**WHAT IS EXPECTED:** Of all the lines in the entries below, give again exactly those starting at the line containing "this 1429×1424 image." and ending at the line containing "this 2048×1536 image.", both ends included, and no others.

(Collected data)
[Start of section]

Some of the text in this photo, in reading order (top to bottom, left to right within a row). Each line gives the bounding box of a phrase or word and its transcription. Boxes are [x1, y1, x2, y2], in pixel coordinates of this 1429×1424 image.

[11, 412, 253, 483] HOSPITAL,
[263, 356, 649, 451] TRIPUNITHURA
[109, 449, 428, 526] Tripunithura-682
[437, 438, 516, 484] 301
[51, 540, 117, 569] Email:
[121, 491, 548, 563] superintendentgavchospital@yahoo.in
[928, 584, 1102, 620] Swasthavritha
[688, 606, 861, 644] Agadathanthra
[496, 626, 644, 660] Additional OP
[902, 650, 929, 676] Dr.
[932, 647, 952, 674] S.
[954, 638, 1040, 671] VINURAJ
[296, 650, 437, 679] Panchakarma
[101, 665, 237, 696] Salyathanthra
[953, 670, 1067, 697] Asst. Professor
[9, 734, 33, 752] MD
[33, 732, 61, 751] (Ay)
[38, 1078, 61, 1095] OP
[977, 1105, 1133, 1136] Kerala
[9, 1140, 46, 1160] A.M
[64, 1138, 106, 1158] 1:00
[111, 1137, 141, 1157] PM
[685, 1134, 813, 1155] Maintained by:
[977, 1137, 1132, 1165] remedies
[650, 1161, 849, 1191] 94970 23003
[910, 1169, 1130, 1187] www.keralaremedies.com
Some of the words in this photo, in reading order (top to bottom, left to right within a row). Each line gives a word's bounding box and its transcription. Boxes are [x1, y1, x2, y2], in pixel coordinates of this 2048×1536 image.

[End of section]
[Start of section]

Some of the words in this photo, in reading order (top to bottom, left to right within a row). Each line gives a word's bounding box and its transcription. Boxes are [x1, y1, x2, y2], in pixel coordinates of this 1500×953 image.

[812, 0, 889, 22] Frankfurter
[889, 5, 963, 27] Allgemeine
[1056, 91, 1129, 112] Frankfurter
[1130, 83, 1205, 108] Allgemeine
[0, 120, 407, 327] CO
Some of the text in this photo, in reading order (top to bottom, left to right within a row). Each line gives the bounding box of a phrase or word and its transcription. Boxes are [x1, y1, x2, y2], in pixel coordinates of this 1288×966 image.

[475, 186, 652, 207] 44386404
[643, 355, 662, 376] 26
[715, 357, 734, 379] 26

[End of section]

**ANSWER FOR THIS EXERCISE:**
Some of the text in this photo, in reading order (top to bottom, left to right within a row). Each line gives the bounding box of a phrase or word and its transcription. Boxes are [x1, y1, x2, y2], in pixel coordinates of this 1429×1424 image.

[11, 412, 253, 483] HOSPITAL,
[263, 356, 649, 451] TRIPUNITHURA
[109, 449, 428, 526] Tripunithura-682
[437, 438, 516, 484] 301
[51, 540, 117, 569] Email:
[121, 491, 548, 563] superintendentgavchospital@yahoo.in
[928, 584, 1102, 620] Swasthavritha
[688, 606, 861, 644] Agadathanthra
[496, 626, 644, 660] Additional OP
[902, 650, 929, 676] Dr.
[932, 647, 952, 674] S.
[954, 638, 1040, 671] VINURAJ
[296, 650, 437, 679] Panchakarma
[101, 665, 237, 696] Salyathanthra
[953, 670, 1067, 697] Asst. Professor
[9, 734, 33, 752] MD
[33, 732, 61, 751] (Ay)
[38, 1078, 61, 1095] OP
[977, 1105, 1133, 1136] Kerala
[9, 1140, 46, 1160] A.M
[64, 1138, 106, 1158] 1:00
[111, 1137, 141, 1157] PM
[685, 1134, 813, 1155] Maintained by:
[977, 1137, 1132, 1165] remedies
[650, 1161, 849, 1191] 94970 23003
[910, 1169, 1130, 1187] www.keralaremedies.com
Some of the words in this photo, in reading order (top to bottom, left to right within a row). Each line gives a word's bounding box and its transcription. Boxes are [x1, y1, x2, y2], in pixel coordinates of this 2048×1536 image.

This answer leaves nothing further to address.